Eleanor Cahn, a professor of literature, wife of a preeminent surgeon, and devoted mother of two, is in Paris to present a paper on Anna Karenina. A chance encounter brings to the surface passions she has suppressed for years. As The Life Room unfolds, we learn the secrets of her erotic past: ethereal William, her high school boyfriend; her role as muse to troubled painter Adam; her marriage to loyal, steady Michael. On her return to New York, Eleanor's charged attraction to another man takes on a life of its own, threatening to destroy everything she has. Jill Bialosky has created a fresh, piercingly real heroine who must choose between responsibility and desire.

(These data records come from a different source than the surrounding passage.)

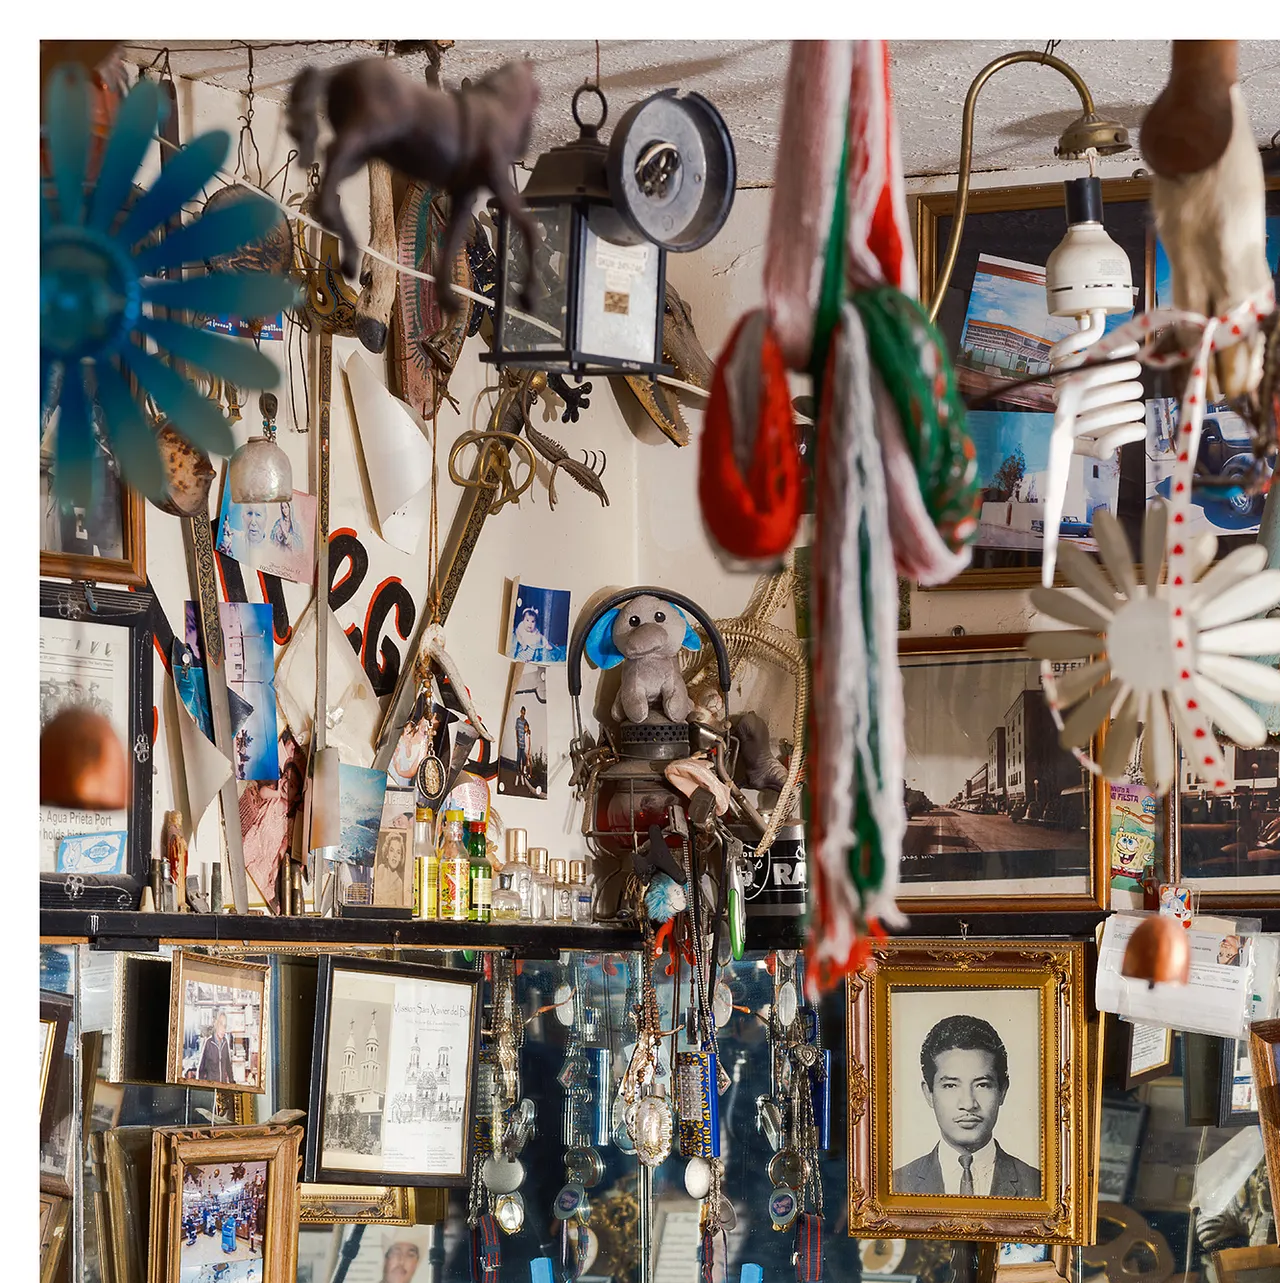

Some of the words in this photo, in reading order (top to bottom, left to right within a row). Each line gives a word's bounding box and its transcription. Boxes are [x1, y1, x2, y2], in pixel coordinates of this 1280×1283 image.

[47, 811, 68, 825] Agua
[69, 812, 93, 825] Prieta
[95, 813, 112, 827] Port
[43, 828, 65, 840] holds
[416, 1002, 429, 1016] San
[430, 1003, 450, 1016] Xavier
[450, 1004, 459, 1015] del
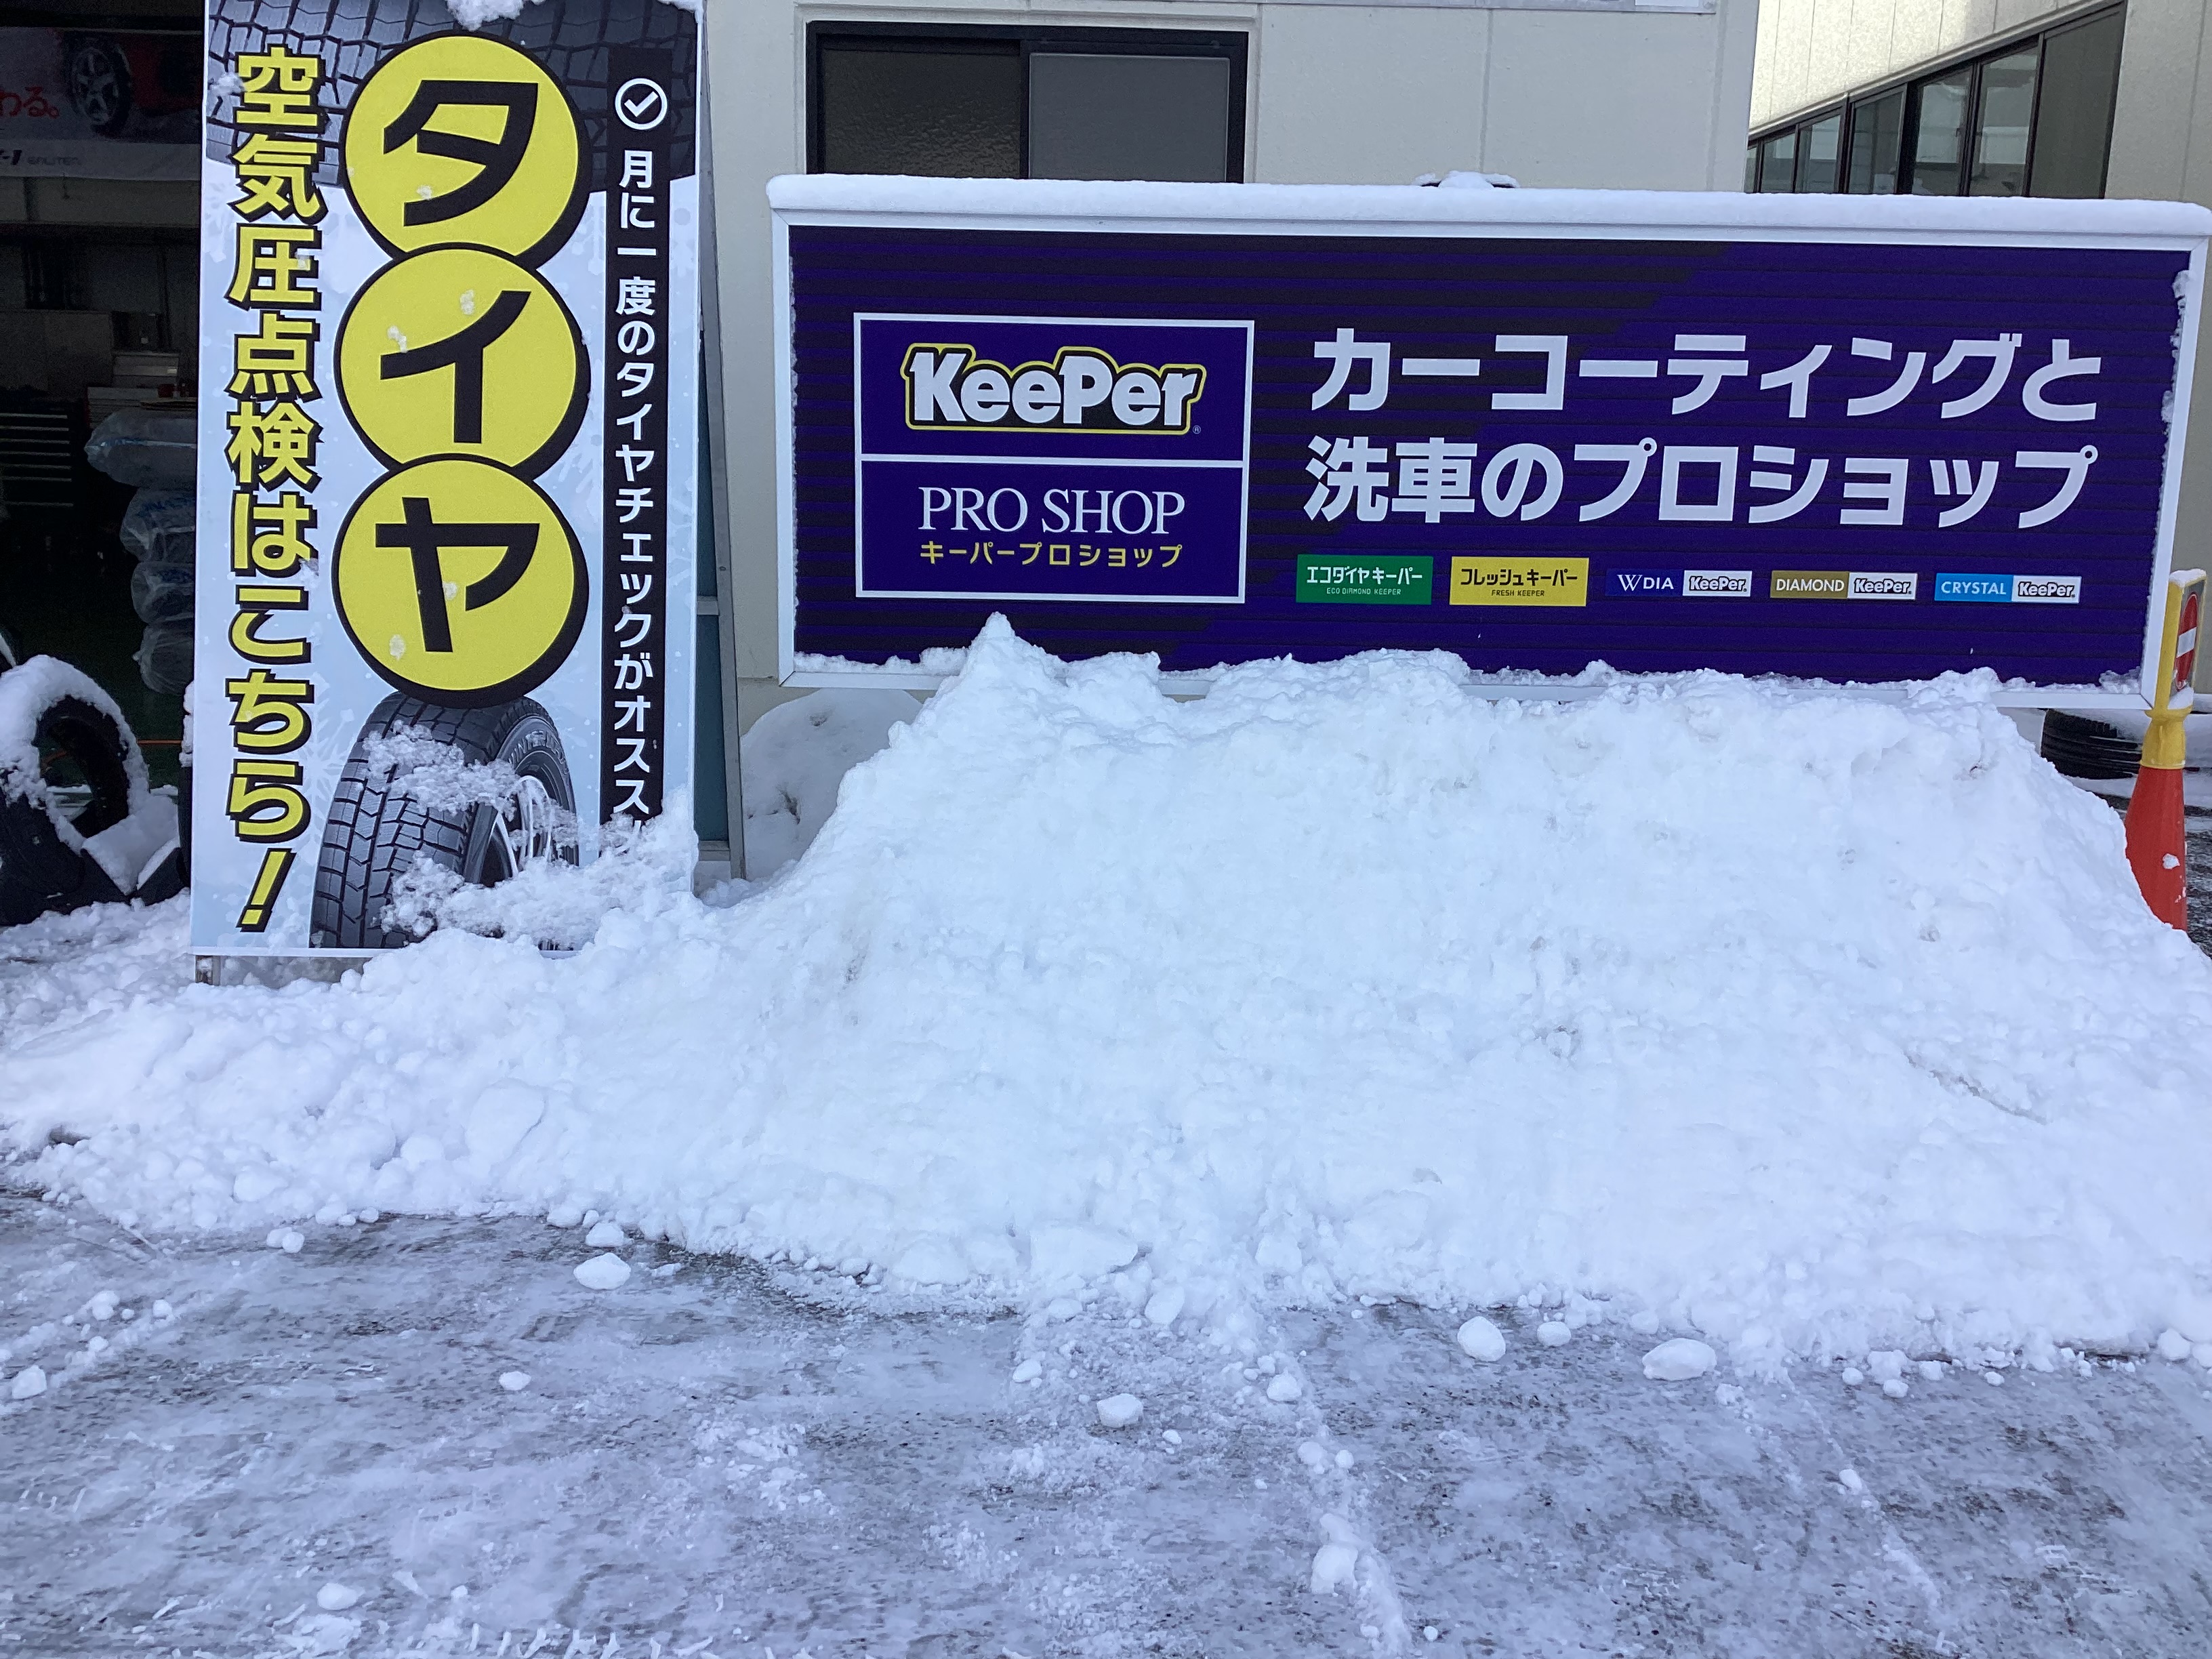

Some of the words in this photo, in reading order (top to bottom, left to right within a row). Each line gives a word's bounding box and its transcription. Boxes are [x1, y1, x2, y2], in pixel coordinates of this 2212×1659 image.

A novel by an acclaimed American poet, House Under Snow is a story of mothers and daughters, of sexual identity, of a family slowly disintegrating after the premature death of its patriarch. Anna Crane, soon to be married, reflects back on her childhood in Ohio during the 1960s and '70s with her two sisters and her charismatic, self-destructing mother. Evoking the claustrophobia of small-town life, Anna's first passionate love affair with a troubled boy who works as a groom and trainer at a horse track, and her mother's endless stream of suitors and a failed marriage, the novel races toward a chilling conclusion when Anna is betrayed by the two most important figures in her young life. Not since Alice McDermott's That Night has there been such a telling portrait of first love. And not since Mona Simpson's Anywhere But Here have we witnessed the destructive, seductive nature of a mother who insists on competing with her children. An unforgettable tale of the power and vulnerability of sex and family, history and the past, House Under Snow is a lyrical and brilliant fictional debut.